El gesto de Valentín, a medida que avanzaba el relato, fue cambiando. Cuando empezó hasta parecía divertido, pero ahora lo veía devastado como si realmente estuviera volviendo a vivir lo que me estaba contando.

–Volví a la playa por la noche –dijo después de dar un trago a su cerveza–. Estaba desierta. Forcé la puerta de una casilla de alquiler de sombrillas y dormí ahí. A la madrugada, antes de salir, revisé el lugar. Encontré un par de ojotas y también algo de plata. Los billetes no eran los billetes que yo conocía; ni los números, ni las imágenes de los próceres me eran familiares. Creo que recién en ese momento me di cuenta. No estaba en mi mundo. De alguna manera había entrado al mar en un mundo y había salido en otro, en uno paralelo. Un mundo casi idéntico al mío, con las mismas playas, los mismos autos, las mismas calles, las mismas casas, pero otra gente, otros idiomas, otros billetes, y quién sabe qué otras diferencias. Desesperado me metí en el mar en el mismo lugar en el que había entrado y traté de repetir lo que recordaba había hecho la tarde anterior. No pasó nada. Estuve todo el día intentándolo, como un loco, y también todos los días que siguieron hasta el final de la temporada.

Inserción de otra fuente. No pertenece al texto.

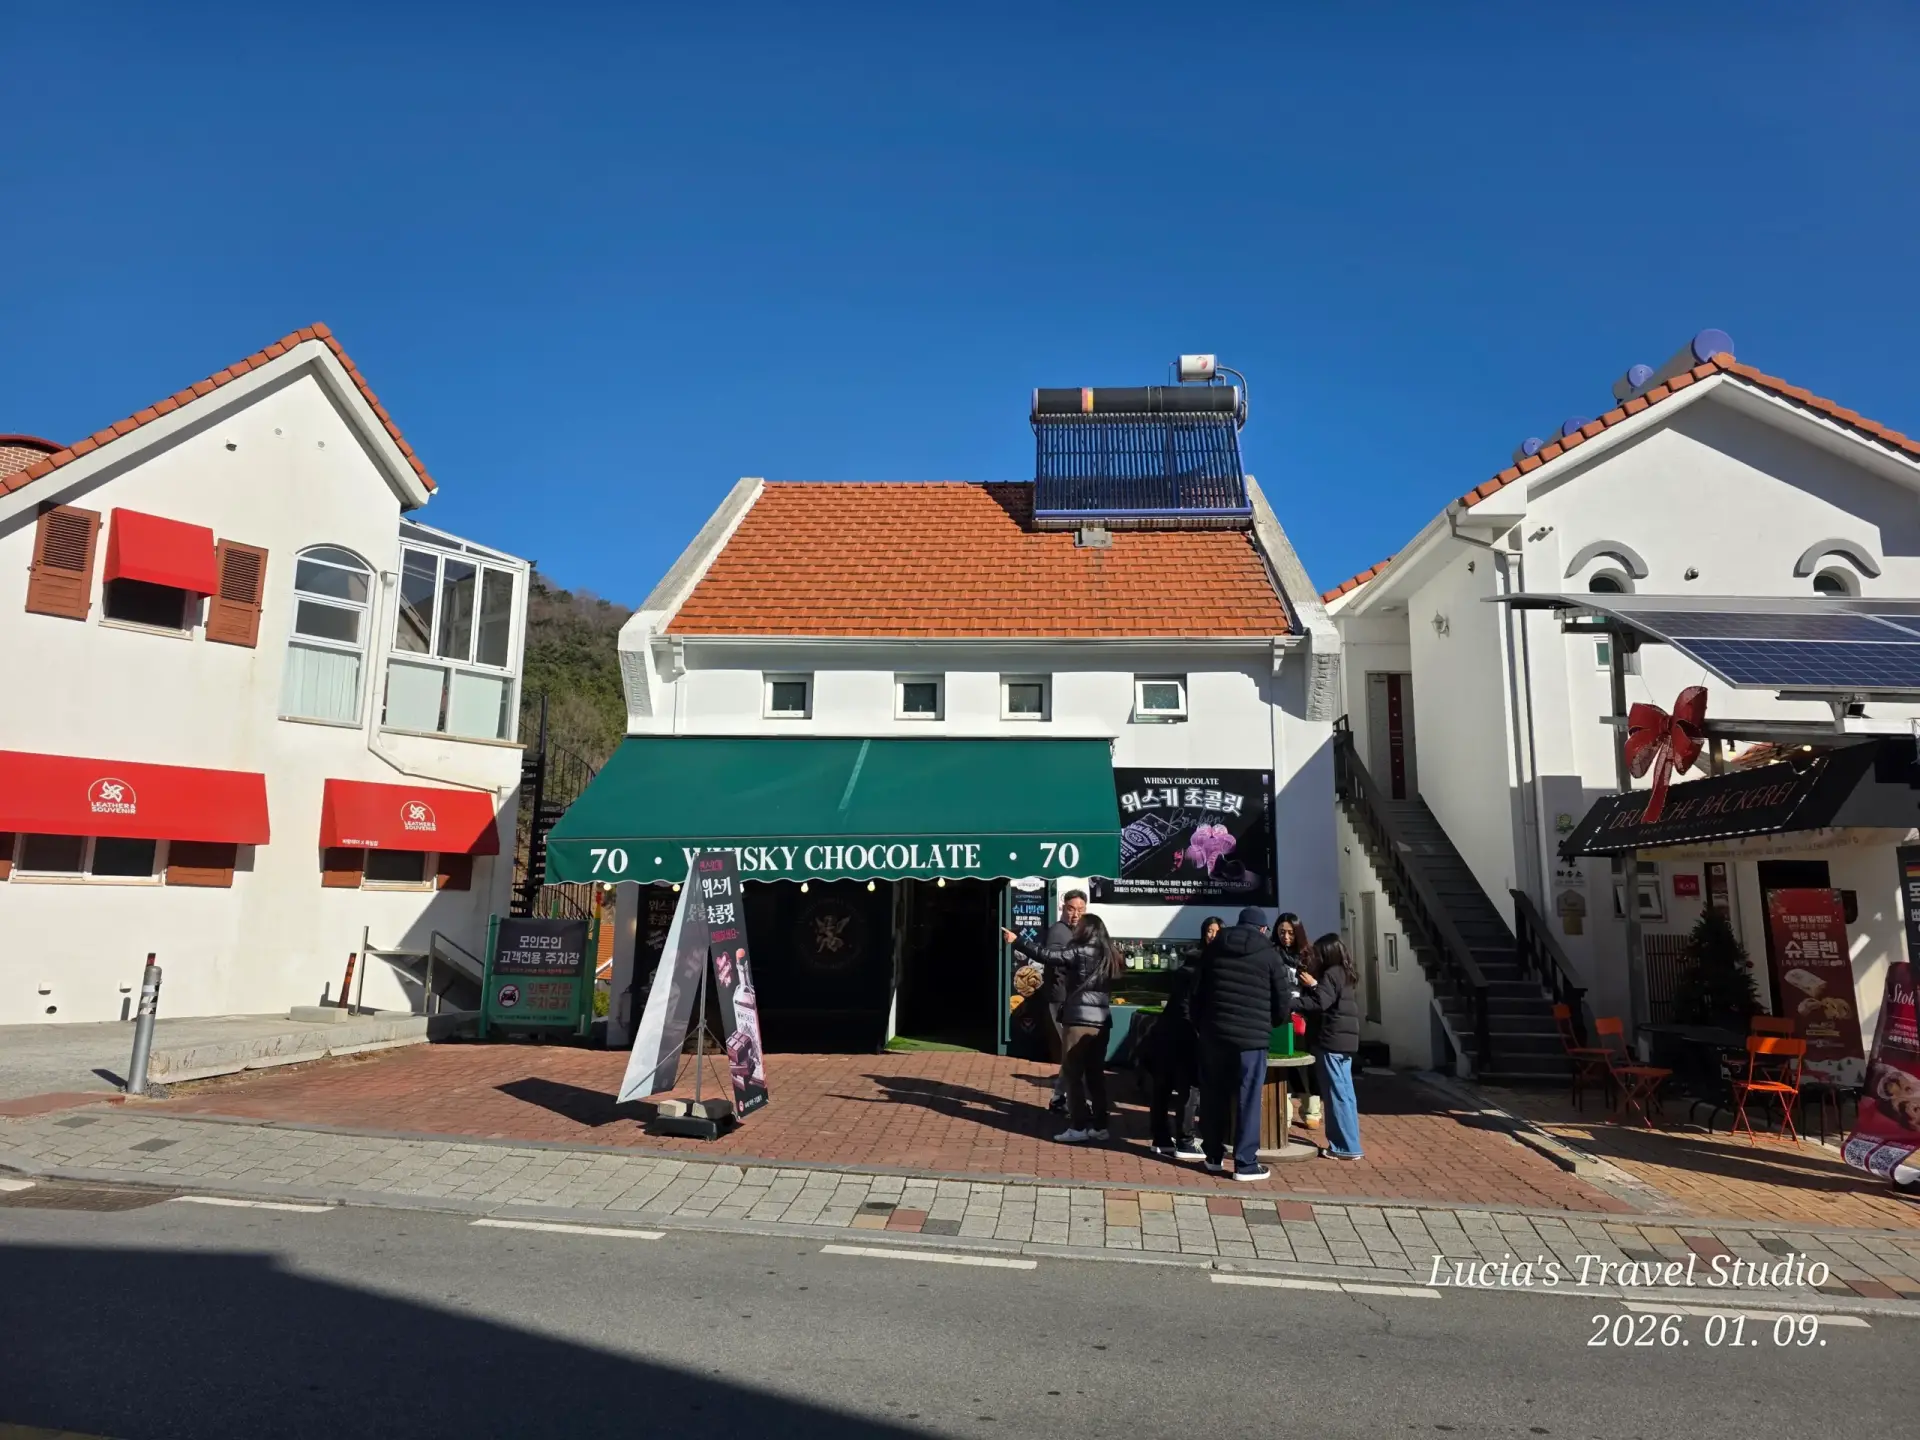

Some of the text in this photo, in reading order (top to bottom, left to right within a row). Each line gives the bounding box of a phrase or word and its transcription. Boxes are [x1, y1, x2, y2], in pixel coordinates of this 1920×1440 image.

[1144, 777, 1219, 785] WHISKY CHOCOLATE
[1121, 787, 1179, 813] 위스키
[1184, 787, 1245, 817] 초콜릿
[1698, 781, 1800, 816] BÄCKEREI
[91, 806, 136, 815] SOUVENIR
[590, 848, 629, 874] 70
[804, 844, 981, 871] CHOCOLATE
[1040, 842, 1080, 869] 70
[702, 876, 732, 898] 위스키
[707, 902, 735, 925] 초콜릿
[519, 935, 562, 949] 모인모인
[500, 950, 580, 966] 고객전용 주차장
[527, 981, 572, 997] 외부차량
[526, 996, 570, 1010] 주차금지

En ese momento volvió el tipo de mantenimiento con las chicas y un par de compañeros del hotel. Valentín clavó la vista en su cerveza y se quedó callado.

–Vino a buscarnos la combi del hotel –dijo uno de los muchachos–. Vamos a llevarlo a este que está en pedo, ¿vienen? 

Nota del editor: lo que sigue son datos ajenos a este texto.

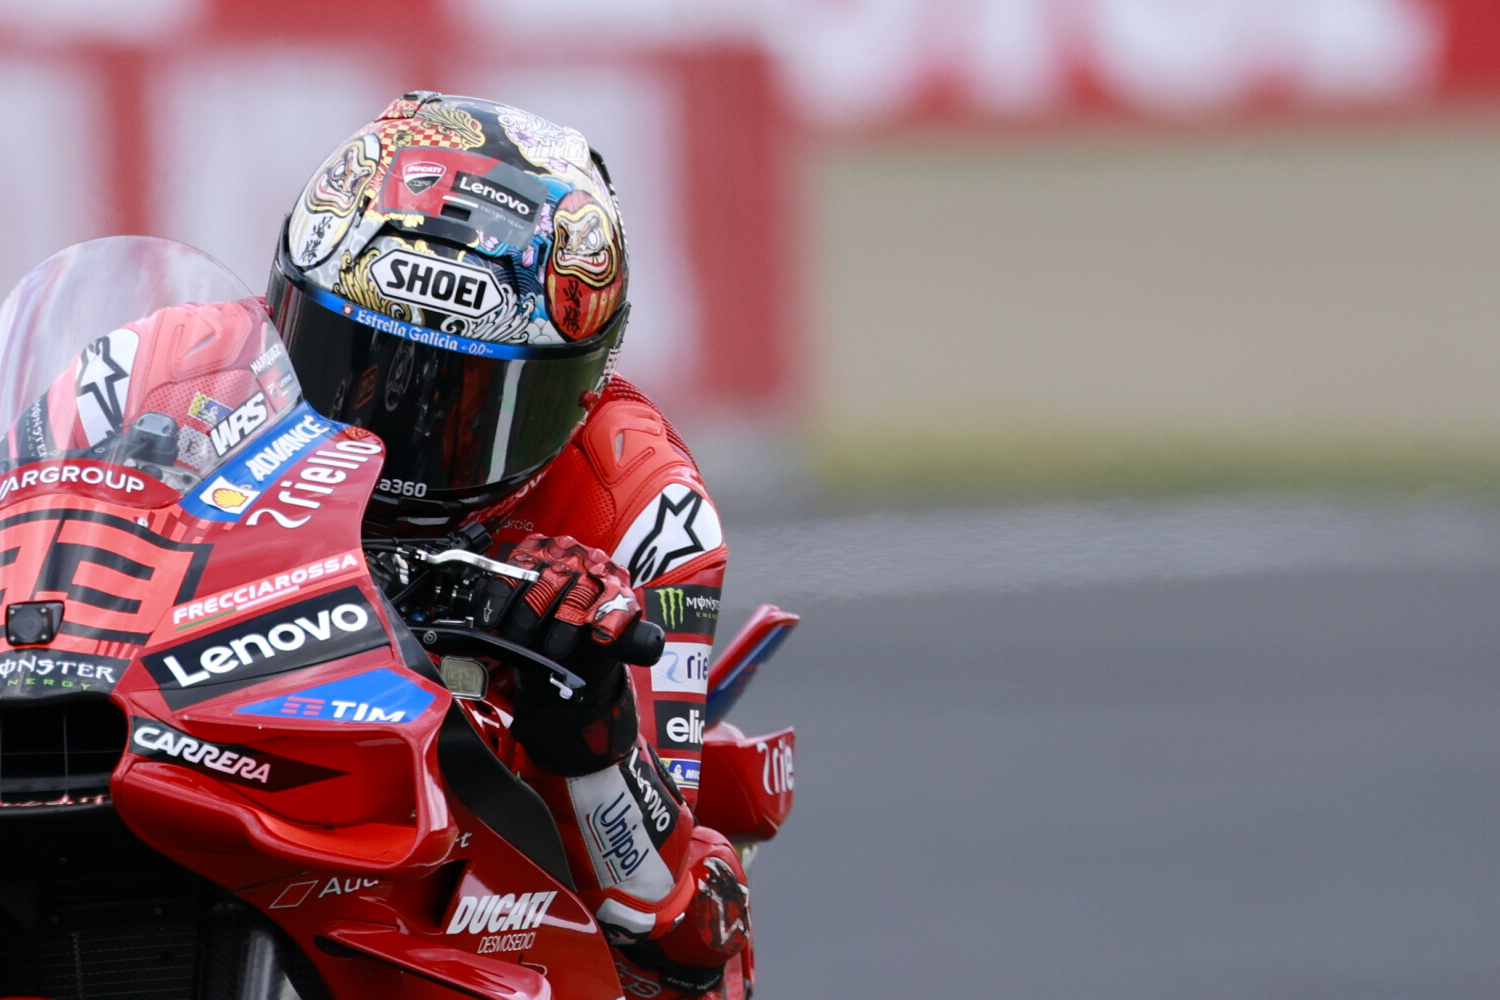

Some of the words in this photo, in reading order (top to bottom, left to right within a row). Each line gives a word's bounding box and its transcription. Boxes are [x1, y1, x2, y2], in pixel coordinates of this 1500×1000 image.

Valentín se paró y empezó a caminar hasta el estacionamiento. Lo seguí. Cuando llegamos al hotel nos separamos. Él tenía una habitación individual y yo dormía en una pieza con dos compañeros. Antes de que desapareciera me acerqué y lo tomé del brazo.

–Esperá. Falta que me cuentes cómo hiciste al final para volver a nuestro mundo.

Valentín me miró con una sonrisa malévola.

–¿Nuestro mundo? ¿Quién te dijo que pude volver?

El día siguiente fue domingo y no nos vimos. El lunes él estuvo de franco y yo me volví a la capital a la noche. La temporada que siguió me quedé en casa porque mi viejo se enfermó. Murió en marzo. Me inscribí otra vez en la facultad y conseguí un trabajo de tiempo completo cerca de casa. No volví al Castillo Hotel hasta diez o doce años más tarde. Desde entonces vine muchas veces a Claromecó. Primero con mi esposa y ahora también con mis hijos. Siempre que lo hago pregunto por Valentín, por más que nunca encuentre a nadie que lo haya conocido. Al principio mis hijos me decían que no lo hiciera, que los avergonzaba preguntando siempre por alguien que ellos dudan que haya existido. Ahora ya se acostumbraron y no se quejan, lo toman como una más de mis manías, como la de quedarme parado vigilante en la orilla, cada vez que alguno de ellos decide meterse solo en el mar.